Functional magnetic resonance imaging (fMRI) and magnetoencephalography (MEG) were used to study the relationships between lateralized auditory perception in humans and the contralaterality of processing in auditory cortex. Subjects listened to rapidly presented streams of short FM-sweep tone bursts to detect infrequent, slightly deviant tone bursts. The stimulus streams consisted of either monaural stimuli to one ear or the other or binaural stimuli with brief interaural onset delays. The onset delay gives the binaural sounds a lateralized auditory perception and is thought to be a key component of how our brains localize sounds in space. For the monaural stimuli, fMRI revealed a clear contralaterality in auditory cortex, with a contralaterality index (contralateral activity divided by the sum of contralateral and ipsilateral activity) of 67%. In contrast, the fMRI activations from the laterally perceived binaural stimuli indicated little or no contralaterality (index of 51%).
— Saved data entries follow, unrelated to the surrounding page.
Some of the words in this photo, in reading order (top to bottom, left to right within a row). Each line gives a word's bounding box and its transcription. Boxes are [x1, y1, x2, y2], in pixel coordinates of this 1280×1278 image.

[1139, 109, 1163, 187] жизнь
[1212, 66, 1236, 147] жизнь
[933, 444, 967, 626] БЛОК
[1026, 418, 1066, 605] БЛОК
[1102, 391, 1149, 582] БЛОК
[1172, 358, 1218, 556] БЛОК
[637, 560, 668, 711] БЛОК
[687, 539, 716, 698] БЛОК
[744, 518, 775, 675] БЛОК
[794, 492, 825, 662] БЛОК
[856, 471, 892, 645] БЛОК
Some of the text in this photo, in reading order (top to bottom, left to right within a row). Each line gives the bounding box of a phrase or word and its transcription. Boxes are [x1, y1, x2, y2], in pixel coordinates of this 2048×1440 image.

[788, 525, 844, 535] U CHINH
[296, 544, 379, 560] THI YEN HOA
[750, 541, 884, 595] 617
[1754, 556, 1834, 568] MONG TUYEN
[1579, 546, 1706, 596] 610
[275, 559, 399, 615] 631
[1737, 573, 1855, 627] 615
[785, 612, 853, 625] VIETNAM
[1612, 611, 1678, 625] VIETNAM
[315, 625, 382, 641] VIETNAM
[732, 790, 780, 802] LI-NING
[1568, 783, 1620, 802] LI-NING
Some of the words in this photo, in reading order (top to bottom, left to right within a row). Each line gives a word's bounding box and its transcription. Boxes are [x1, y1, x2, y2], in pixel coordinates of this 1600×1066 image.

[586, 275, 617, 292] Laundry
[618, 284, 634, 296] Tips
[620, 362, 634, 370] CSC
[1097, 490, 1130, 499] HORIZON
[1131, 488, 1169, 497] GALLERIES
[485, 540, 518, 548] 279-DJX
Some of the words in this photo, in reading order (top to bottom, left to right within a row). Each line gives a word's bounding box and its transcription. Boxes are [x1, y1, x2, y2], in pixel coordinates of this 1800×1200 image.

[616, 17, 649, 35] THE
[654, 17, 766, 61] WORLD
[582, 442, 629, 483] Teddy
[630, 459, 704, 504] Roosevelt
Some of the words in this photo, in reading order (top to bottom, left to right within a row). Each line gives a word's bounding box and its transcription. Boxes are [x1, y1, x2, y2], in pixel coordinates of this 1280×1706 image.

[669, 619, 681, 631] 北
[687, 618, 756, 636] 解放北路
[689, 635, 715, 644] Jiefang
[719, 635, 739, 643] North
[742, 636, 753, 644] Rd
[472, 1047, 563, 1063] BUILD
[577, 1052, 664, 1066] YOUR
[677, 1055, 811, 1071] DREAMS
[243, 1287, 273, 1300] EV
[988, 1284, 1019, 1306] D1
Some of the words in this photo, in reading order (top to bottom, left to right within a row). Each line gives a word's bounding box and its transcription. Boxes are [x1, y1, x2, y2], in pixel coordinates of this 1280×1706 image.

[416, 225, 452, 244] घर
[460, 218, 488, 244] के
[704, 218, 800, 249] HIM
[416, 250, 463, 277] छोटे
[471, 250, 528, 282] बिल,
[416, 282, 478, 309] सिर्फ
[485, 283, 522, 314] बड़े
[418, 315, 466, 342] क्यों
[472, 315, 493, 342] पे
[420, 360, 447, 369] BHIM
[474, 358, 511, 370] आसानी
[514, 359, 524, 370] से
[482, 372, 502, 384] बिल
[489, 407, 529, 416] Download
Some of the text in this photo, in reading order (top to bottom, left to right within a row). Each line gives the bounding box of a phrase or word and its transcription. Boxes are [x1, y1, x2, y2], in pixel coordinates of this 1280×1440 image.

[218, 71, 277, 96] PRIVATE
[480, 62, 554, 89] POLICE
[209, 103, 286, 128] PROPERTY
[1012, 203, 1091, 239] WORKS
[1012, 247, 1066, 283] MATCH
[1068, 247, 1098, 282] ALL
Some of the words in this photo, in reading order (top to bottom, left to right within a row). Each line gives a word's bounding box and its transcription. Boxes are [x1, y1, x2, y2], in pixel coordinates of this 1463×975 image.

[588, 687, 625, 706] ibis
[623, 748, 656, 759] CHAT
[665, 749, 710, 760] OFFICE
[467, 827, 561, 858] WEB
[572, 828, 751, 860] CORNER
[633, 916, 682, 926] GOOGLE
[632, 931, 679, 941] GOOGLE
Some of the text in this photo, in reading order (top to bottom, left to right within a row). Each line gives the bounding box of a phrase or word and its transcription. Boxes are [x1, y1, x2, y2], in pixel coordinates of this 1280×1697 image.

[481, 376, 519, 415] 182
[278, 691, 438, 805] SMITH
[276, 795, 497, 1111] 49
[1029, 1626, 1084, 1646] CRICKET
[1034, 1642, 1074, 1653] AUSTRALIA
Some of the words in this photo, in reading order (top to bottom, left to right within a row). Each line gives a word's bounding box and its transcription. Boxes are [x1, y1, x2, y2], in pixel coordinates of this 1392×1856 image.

The MEG recordings from the same subjects performing the same task converged qualitatively with the fMRI data, confirming a clear monaural contralaterality, with no contralaterality for the laterally perceived binaurals. However, the MEG monaural contralaterality (55%) was less than the fMRI and decreased across the several hundred millisecond poststimulus time period, going from 57% in the M50 latency range (20-70 ms) to 53% in the M200 range (170-250 ms). These data sets provide both quantification of the degree of contralaterality in the auditory pathways and insight into the locus and mechanism of the lateralized perception of spatially lateralized sounds.  相似文献   

11.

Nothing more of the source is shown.